Seorang remaja berambut sewarna salju yang ternoda asap abu memiliki wajah dari seseorang yang habis diberi kabar bahwa bisnisnya bangkrut dan membuatnya terlilit hutang yang harus dia bayar secara menyicil sepanjang hidupnya. Raut wajah tanpa kehidupan dan tampak seolah-olah si pemilik wajah tidaklah sedang bernapas.
"T...uan Muda. ....Ada yang ingin Tuan Muda bicarakan?" tanya si pelayan cemas.
Hindzel tidak menjawab.
Tambang bawah tanah? Dia si yang akan menjadi CEO Founder nya? Dia yang harus pergi ke istana menemui seorang Raja menyampaikan ide bisnis yang mau dia buat? Dia tidaklah memiliki ambisi untuk membuat bisnis itu makanya dia manjadi enggan untuk sungguh-sungguh merealisasikan buah dari omongan besar kepala-nya.
Dia menempatkan telapak tangannya pada wajah. Batin dan pikirannya ribut menjeritkan ucapan-ucapan ah aku malas ah aku malas ah aku malas. Jika sejak awal memang Hindzel lah yang memiliki keinginan untuk membangun bisnis maka dia pasti akan punya cukup ambisi untuk menempuh perjuangan perealisasiannya. Masalahnya dia tidak. Ini karena dia tergerak oleh urgensi untuk menahan Edgar tetap di dekatnya selama dia terjebak di dunia Hindzel. Dengan dia sudah ada di tahap ini, bagaimana dia bisa mundur? Dia harus menghadapi apa yang sudah dia perbuat.
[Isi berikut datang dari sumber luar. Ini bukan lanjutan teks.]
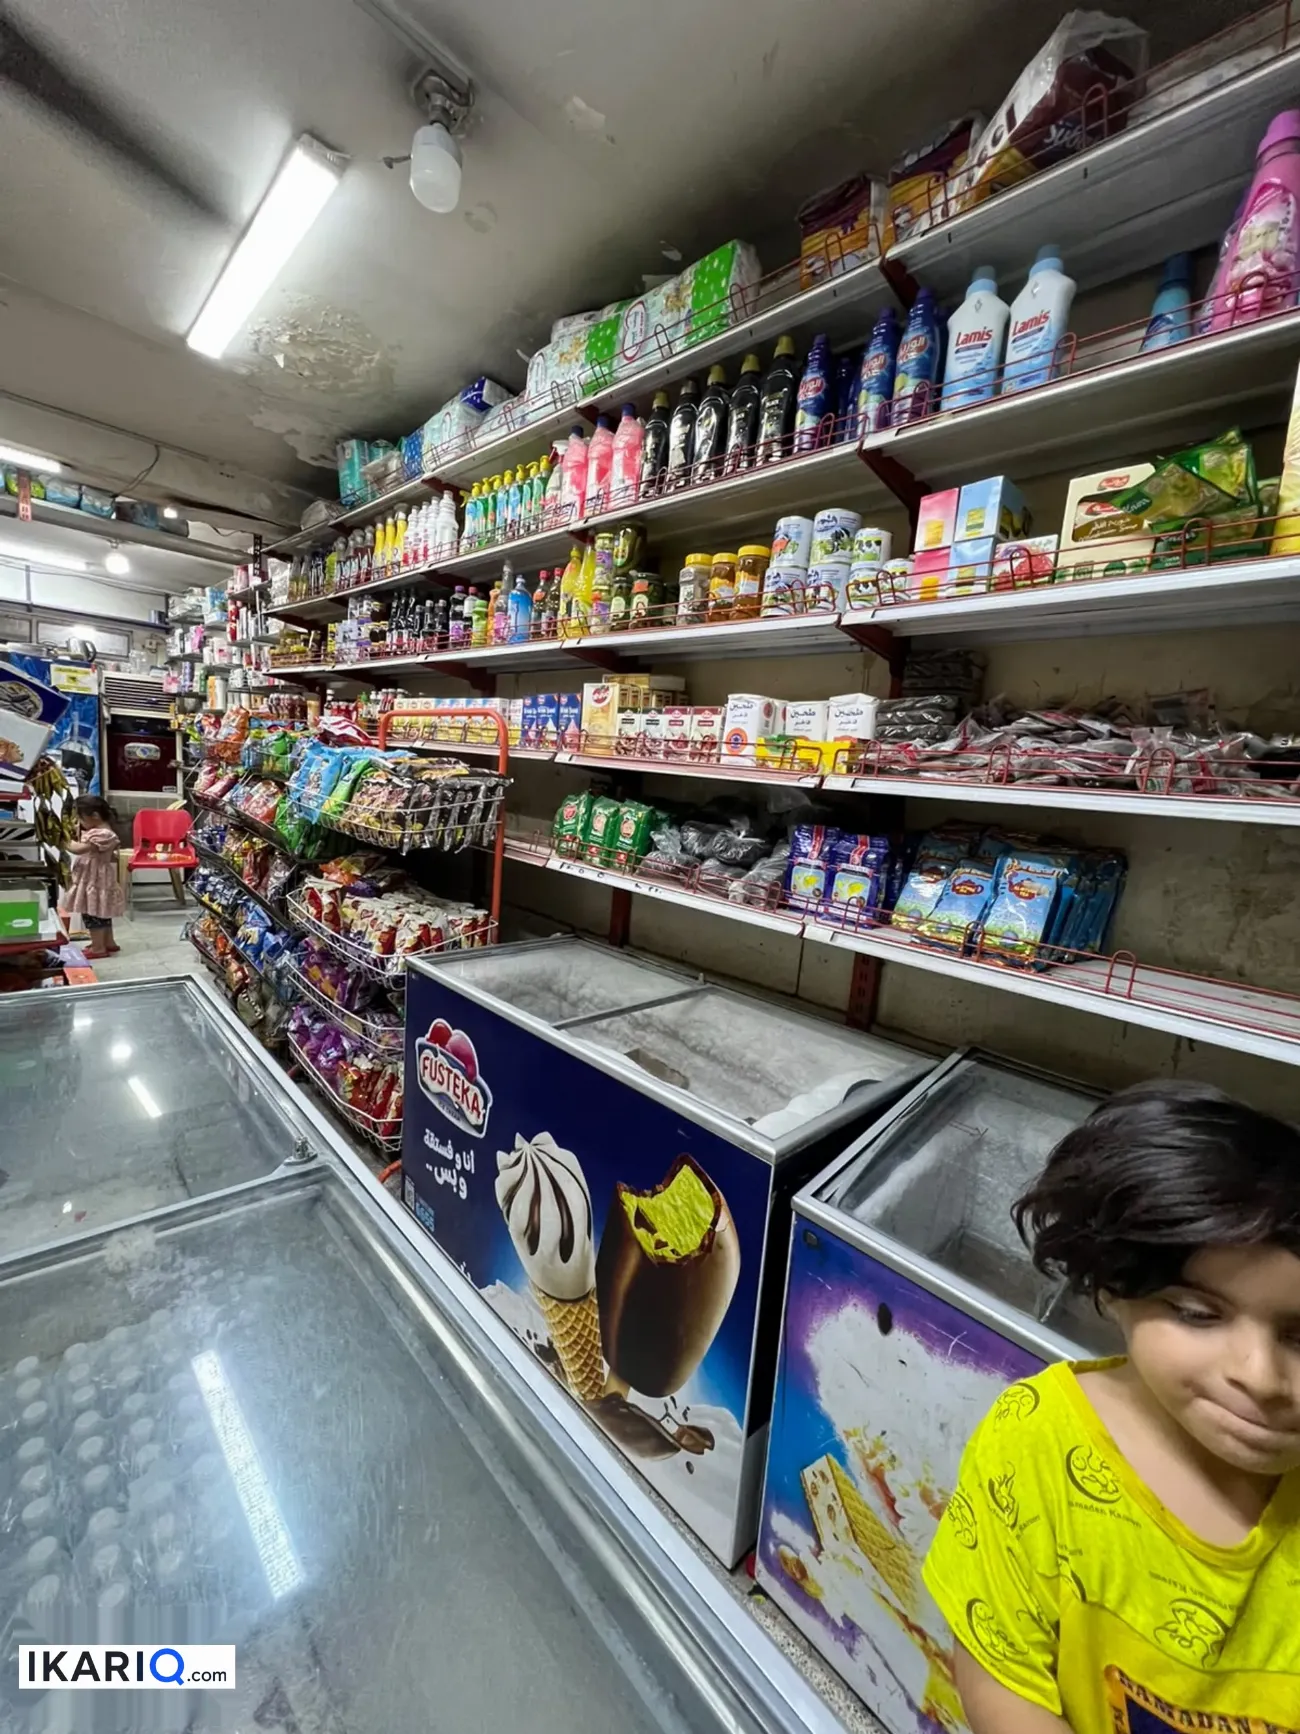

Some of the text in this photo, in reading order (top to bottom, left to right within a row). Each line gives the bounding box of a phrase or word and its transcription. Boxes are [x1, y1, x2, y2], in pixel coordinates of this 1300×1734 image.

[955, 326, 993, 348] Lamis
[1012, 309, 1051, 337] Lamis
[421, 1056, 483, 1120] FUSTEKA
"Haaa. Ayo buat persiapan menemui si raja-rajaan itu."
Edgar melongo pada kelancangan Hindzel tapi di satu sisi dia sudah terlalu semangat karena dia akan terlibat dalam sesuatu yang besar dan akan tertulis dalam sejarah marga keluarga Belerus dimana dia mengabdi. Otaknya memeritahnya untuk membuat teguran tapi sumringah wajah dan sunggingan bibirnya sudah lebih mendahului otaknya membuat anggukan antusias dan bersiap membantu Hindzel mempersiapkan apa yang harus dipersiapkan.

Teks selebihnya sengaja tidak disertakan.